Sparked from a discussion on another journal, I thought about how I pay almost $80 a month for my phone. It's just kinda creeped its way up there through various additions. Really, it was because I took a hit and added my sister to my account, so we have a family plan, which is more expensive overall, but cheaper than if I had a single plan with basically no features. Phones be gettin' expensive! Speaking of phones, I've hated mine since like a week and a half after I got it. I learned today while talking with customer support that I've owned it for 5 months already, which is neat. Anyway, it started when it appeared my receiver was misaligned and I couldn't hear people when they called, except for a faint whisper. That eventually fixed itself (I think I dropped it and it fixed it XD). But for awhile now, it turns off whenever it damn well pleases. The rate at which it turns off is random - sometimes I'll turn it back on and it'll turn right back off like 4 or 5 times in a row. Sometimes it'll turn off because I clicked the unlock button. It definitely turns off any time I smack it or put pressure on it (though, oddly, a lot of times it DOESN'T if it falls from my pocket to the floor. Wtf). According to my phone insurance guy, I could pay the $40 and have a new phone tomorrow. Which is yay and convenient. Or, he said I was still under warranty and that it sounded defective and I have no cracks (some dents on the plastic but he said those didn't matter) and no water damage, so I could get it replace for the cost of shipping through T-Mobile. So I got transferred there.
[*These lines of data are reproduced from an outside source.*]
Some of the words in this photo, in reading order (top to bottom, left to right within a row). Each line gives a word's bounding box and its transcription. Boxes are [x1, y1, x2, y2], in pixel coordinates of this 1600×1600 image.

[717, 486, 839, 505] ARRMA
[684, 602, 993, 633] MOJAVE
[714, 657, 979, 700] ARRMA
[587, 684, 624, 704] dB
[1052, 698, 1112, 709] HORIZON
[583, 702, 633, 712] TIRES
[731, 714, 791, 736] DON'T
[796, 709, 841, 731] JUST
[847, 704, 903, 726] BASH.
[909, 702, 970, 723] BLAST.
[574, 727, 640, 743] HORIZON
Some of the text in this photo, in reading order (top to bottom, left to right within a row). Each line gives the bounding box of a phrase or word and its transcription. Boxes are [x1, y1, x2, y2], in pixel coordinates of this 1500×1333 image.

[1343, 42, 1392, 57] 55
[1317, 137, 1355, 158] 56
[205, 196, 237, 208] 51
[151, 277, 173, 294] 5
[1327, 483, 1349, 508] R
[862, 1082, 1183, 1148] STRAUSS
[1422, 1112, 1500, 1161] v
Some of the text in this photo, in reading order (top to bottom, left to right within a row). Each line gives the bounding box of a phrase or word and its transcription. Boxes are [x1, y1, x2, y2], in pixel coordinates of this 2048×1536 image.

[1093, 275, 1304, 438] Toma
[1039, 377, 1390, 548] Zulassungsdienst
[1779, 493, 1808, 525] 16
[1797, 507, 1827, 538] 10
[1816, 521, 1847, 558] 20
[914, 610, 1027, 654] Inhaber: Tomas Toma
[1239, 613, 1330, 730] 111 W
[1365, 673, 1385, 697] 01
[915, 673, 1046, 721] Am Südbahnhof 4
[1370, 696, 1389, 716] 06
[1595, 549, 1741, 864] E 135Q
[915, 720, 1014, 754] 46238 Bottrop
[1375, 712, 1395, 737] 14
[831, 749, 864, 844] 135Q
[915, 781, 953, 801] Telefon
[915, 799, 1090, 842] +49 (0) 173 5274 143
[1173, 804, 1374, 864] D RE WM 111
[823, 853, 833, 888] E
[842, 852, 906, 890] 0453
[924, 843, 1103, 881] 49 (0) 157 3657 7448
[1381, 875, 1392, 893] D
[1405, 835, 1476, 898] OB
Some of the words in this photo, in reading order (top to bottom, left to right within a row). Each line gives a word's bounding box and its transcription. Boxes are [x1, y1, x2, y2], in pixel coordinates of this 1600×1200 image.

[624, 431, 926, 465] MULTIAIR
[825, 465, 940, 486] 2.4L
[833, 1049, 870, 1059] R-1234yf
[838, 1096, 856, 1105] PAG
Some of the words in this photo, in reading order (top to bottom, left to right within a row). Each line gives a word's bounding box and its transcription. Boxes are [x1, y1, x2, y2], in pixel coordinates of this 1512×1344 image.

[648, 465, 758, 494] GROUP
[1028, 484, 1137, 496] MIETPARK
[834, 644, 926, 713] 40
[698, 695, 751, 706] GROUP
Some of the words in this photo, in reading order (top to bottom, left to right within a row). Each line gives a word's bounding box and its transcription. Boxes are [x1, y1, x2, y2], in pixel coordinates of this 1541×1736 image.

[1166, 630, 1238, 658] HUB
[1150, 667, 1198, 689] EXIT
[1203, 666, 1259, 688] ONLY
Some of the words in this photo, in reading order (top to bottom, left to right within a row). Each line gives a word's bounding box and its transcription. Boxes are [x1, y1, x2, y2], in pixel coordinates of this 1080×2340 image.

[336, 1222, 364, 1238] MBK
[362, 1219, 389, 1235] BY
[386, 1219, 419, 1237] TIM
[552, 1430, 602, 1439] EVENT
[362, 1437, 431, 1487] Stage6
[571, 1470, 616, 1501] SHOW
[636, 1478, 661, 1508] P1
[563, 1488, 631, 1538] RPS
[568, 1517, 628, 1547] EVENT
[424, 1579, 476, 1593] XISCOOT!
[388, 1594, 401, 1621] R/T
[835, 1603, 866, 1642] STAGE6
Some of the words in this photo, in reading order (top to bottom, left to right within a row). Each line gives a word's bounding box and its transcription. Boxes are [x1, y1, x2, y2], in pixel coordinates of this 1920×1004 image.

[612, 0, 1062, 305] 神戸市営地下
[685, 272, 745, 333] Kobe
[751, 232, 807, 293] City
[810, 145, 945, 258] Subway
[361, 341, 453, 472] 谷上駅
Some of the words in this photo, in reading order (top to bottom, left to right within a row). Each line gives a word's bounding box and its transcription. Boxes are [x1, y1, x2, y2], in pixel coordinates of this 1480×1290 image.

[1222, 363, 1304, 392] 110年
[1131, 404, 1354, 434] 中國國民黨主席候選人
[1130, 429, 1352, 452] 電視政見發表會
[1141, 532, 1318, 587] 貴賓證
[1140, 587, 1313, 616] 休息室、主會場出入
The lady at T-mobile said it was a battery issue, which is not covered under T-mobile and said to call Nokia because it IS covered under them. So. I'm waiting til 8 apparently to call.

I can see how it'd be a battery issue, because it'd turn off any time the connectors shifted away (hence when bumped). But! There doesn't appear to be damage to either my phone's plates or the battery's connectors. So I'm skeptical. Hrm!

I also emailed the woman we've been working with to get our lease signed. She said they'd be in contact this month, but Steve and I are eager to sign the lease and get the first month's rent out of the way. We're so excited to move allll our shtuff and buy things to help organize, such as shelving (including bookshelves, though Paul told me I could take the bookcase that resides at my parents' house that his dad made me a long time ago, which is zomg yay!!!! MOAR SPAISE FORE BUUUUKS) and maybe an armoire from an auction or thrift store to help manage our clothes, because I think in my excitement of the greatness of every other part of the apartment that I forgot to notice there was only one closet.

Interesting to note: since we've been feeding the cats higher-quality wet food (with a small bowl of dry food), they poop FAR less frequently. Like, at first we thought they were maybe having digestive issues associated with switching foods, but there's NO WAY they could backed up (in comparison) for a whole month! Like, they used to go several times a day, and now it's every other day or something. Okay, so the cans of wet food say to feed them one can per 3 pounds of cat... I can't IMAGINE them eating 5 cans a day EACH! They've been splitting like a can a day (plus whatever dry food they eat), and aren't crying for more food. Maybe they ARE having digestive issues. I don't know. They're also consuming a lot more water with the new fountain thing, which I keep in the bedroom and monitor like a hawk. Grim is still peeing poorly and licking himself a lot, but he's been quite active and playful, and eats and drinks normally, so I'm going to try not to stress TOO much about it. I still have the old bottle of anti-anxiety/muscle relaxing medication, the lower dose, in case I get worried enough that he needs help relaxing.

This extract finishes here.